Provided entries START
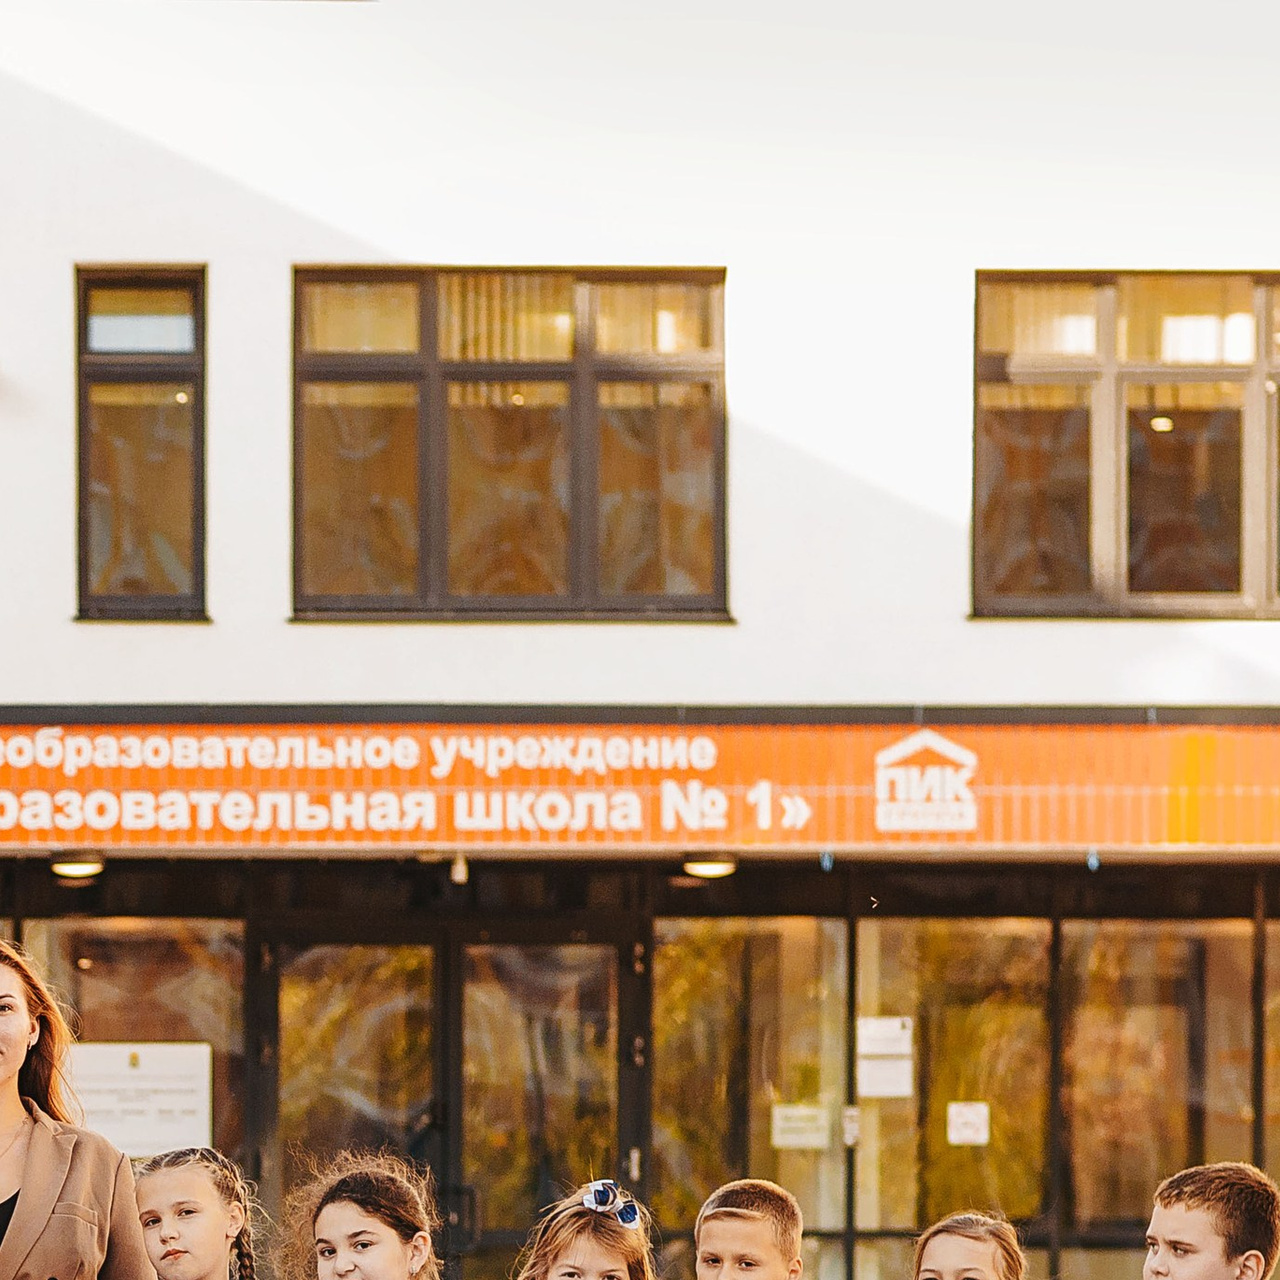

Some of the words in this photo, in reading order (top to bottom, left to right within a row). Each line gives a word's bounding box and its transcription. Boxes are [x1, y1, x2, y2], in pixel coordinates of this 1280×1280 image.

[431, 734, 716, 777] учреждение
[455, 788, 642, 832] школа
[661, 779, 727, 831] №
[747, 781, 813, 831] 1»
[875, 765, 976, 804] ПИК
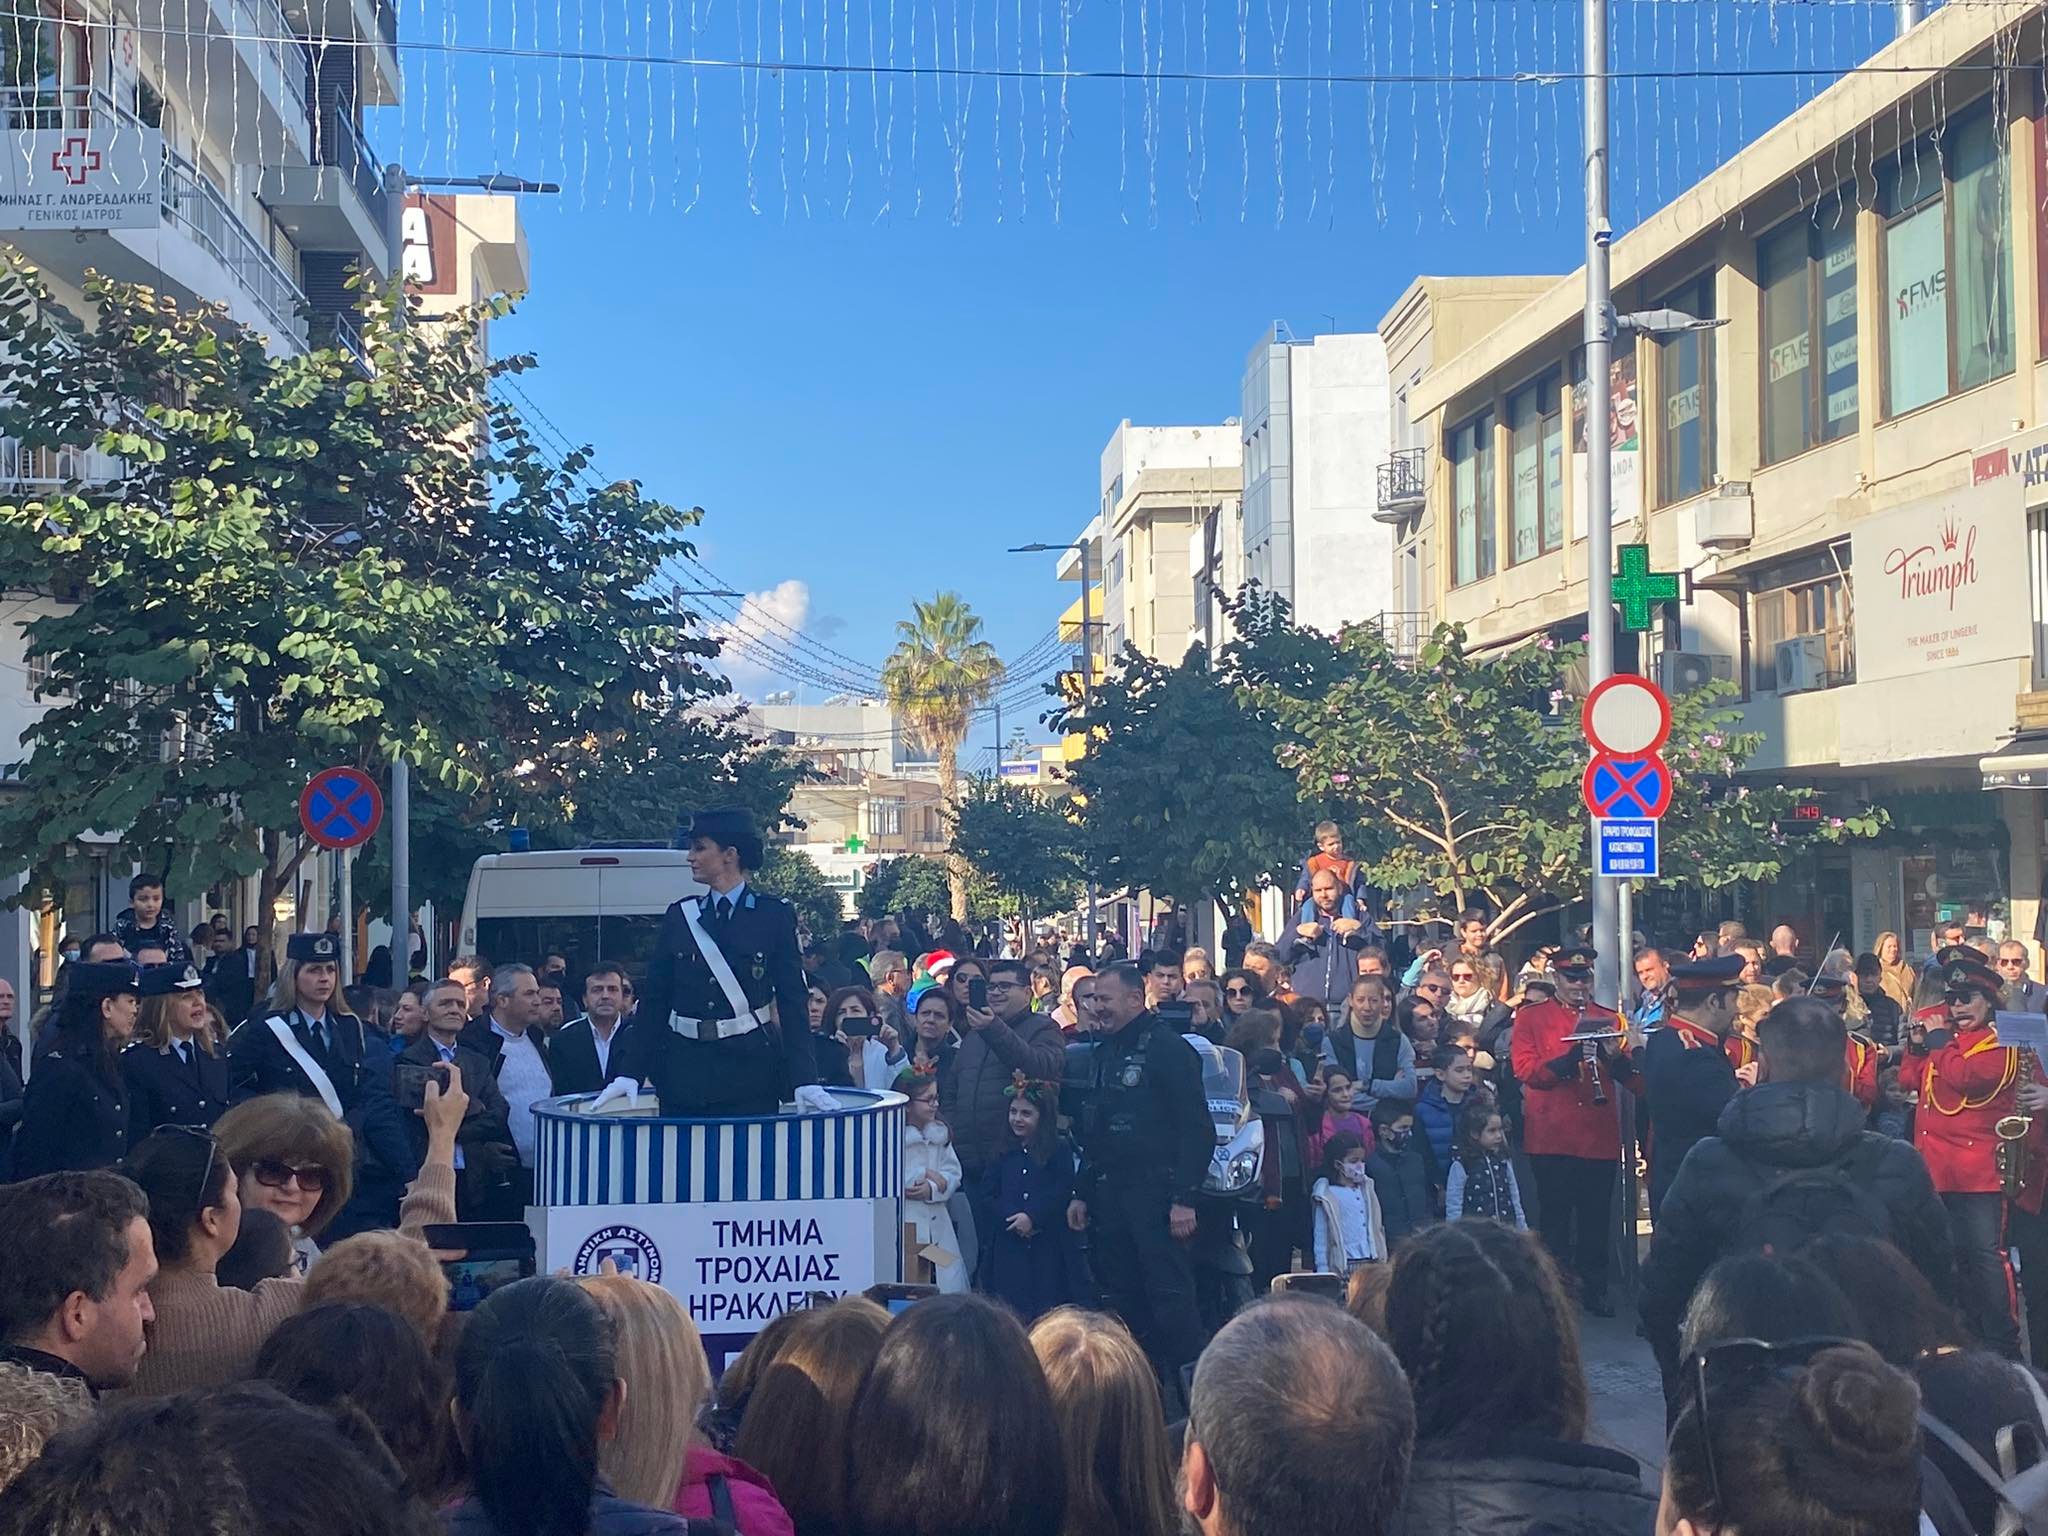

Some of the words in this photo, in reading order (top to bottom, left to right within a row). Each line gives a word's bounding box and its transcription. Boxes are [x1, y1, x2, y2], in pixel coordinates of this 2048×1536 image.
Provided entries END
Provided entries START
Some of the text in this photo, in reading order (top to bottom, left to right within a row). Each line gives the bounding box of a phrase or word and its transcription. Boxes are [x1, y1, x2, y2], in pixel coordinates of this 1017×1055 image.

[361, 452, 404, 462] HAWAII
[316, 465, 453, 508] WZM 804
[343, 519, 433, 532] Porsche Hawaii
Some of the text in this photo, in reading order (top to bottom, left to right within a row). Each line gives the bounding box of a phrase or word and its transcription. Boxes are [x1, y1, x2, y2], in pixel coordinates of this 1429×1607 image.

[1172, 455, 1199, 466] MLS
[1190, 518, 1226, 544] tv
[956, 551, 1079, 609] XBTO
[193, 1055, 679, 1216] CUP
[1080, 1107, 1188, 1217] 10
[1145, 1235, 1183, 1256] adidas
Provided entries END
Provided entries START
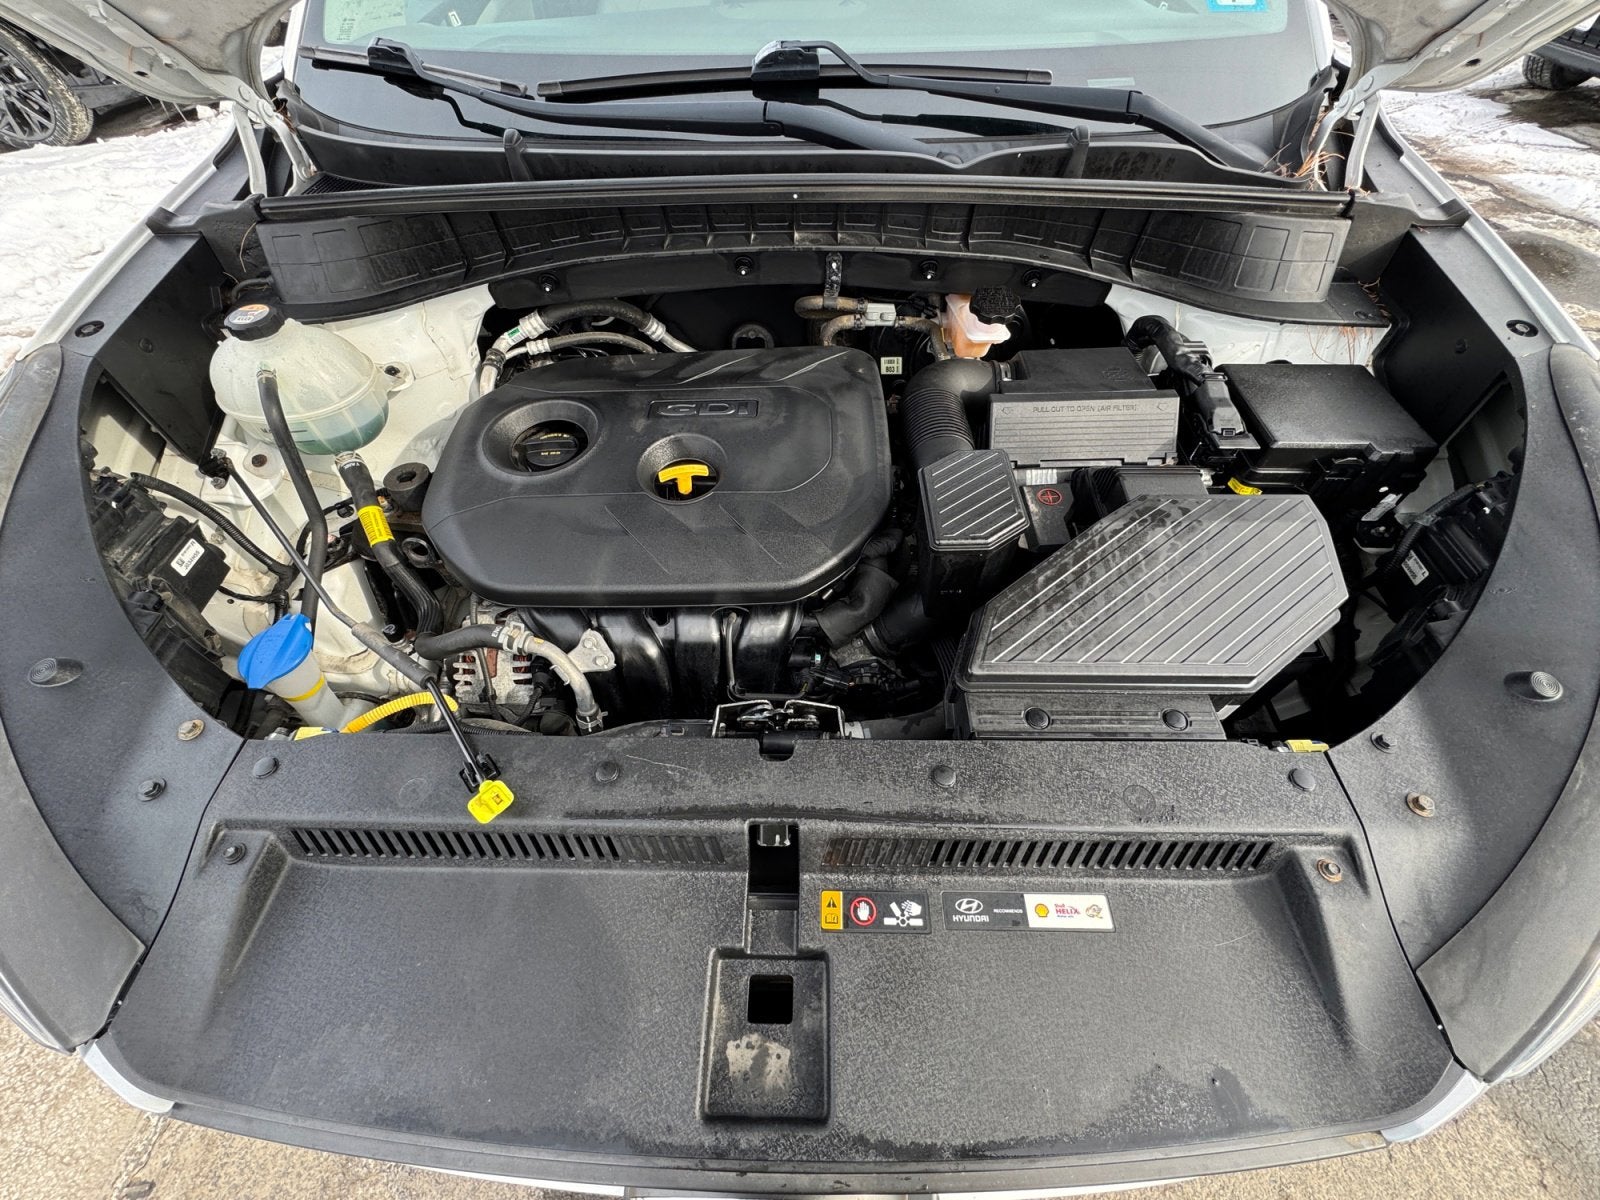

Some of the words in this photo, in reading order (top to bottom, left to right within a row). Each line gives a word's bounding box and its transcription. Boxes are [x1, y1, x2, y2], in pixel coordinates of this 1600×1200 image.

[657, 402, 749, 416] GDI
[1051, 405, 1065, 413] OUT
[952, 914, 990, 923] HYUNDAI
Provided entries END
Exercise aim = Copy out exactly the lines above beginning with the line that contains "this 1280×1280 image." and finishing with the line that contains "this 2048×1536 image.", including both; leave the pictures out.

Answer to this problem =
Some of the words in this photo, in reading order (top to bottom, left to right within a row). Each line gives a word's bounding box and its transcription. Boxes are [x1, y1, x2, y2], in pixel coordinates of this 1280×1280 image.

[431, 734, 716, 777] учреждение
[455, 788, 642, 832] школа
[661, 779, 727, 831] №
[747, 781, 813, 831] 1»
[875, 765, 976, 804] ПИК

Some of the words in this photo, in reading order (top to bottom, left to right within a row). Each line gives a word's bounding box and its transcription. Boxes are [x1, y1, x2, y2], in pixel coordinates of this 2048×1536 image.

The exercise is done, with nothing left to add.